Ectopic testicular xenografts from newborn hamsters (Phodopus sungorus) show better spermatogenic activity in aged compared with young recipients.

The mechanisms behind testicular aging are poorly understood. Previous studies suggest that the testicular microenvironment is more affected by age than the male germ cell lineage. Here we analyze male reproductive aging using a unique xenografting approach. By exposing young and aged mice to newborn hamster testicular tissue, we can explore (a) whether the development and endocrine activity of hamster testicular grafts and the initiation of stem cell activity within them are affected by age of the recipients and (b) whether the endocrine response to the xenografted hamster tissue varies with recipient age.

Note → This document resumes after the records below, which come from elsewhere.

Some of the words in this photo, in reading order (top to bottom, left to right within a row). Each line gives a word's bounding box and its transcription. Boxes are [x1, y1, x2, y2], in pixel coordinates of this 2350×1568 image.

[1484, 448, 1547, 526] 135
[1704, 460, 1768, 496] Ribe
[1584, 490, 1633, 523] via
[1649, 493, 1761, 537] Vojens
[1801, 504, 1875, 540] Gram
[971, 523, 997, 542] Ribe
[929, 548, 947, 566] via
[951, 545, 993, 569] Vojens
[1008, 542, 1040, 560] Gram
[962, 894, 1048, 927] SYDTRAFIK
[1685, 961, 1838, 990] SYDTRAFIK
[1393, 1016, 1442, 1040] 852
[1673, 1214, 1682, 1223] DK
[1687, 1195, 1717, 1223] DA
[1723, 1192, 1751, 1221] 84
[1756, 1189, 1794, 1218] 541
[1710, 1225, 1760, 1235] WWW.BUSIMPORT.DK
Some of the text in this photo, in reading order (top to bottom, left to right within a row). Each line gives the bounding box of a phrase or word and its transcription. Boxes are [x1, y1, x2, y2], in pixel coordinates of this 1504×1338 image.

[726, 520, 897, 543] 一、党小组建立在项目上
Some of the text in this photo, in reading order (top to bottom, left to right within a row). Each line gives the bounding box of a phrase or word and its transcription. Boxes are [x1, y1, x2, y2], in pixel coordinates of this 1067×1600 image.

Newborn Djungarian hamster (Phodopus sungorus) testes were grafted into young (12 weeks) and aged (1 year) adult castrated nude mice. We also analyzed intact and castrated young and old control groups. After 13 weeks, 100 grafts were recovered from a total of 15 recipients and were histologically analyzed. Anatomical and endocrine parameters were recorded for each recipient as well as for the controls. Xenografted recipients responded with a normalization of their endocrine and anatomical parameters to an extent typical for their age. Although recipient age did not significantly affect graft survival and size, histopathological changes as well as spermatogenic damage within the grafts were more pronounced in the young recipients (56% Sertoli-cell-only tubules vs. 32% in the old recipients). We conclude from our data that the androgen-related changes associated with male reproductive aging are not primarily controlled by the testis. We speculate that the better development of testicular grafts in aged recipients may be owing to immunosenescence.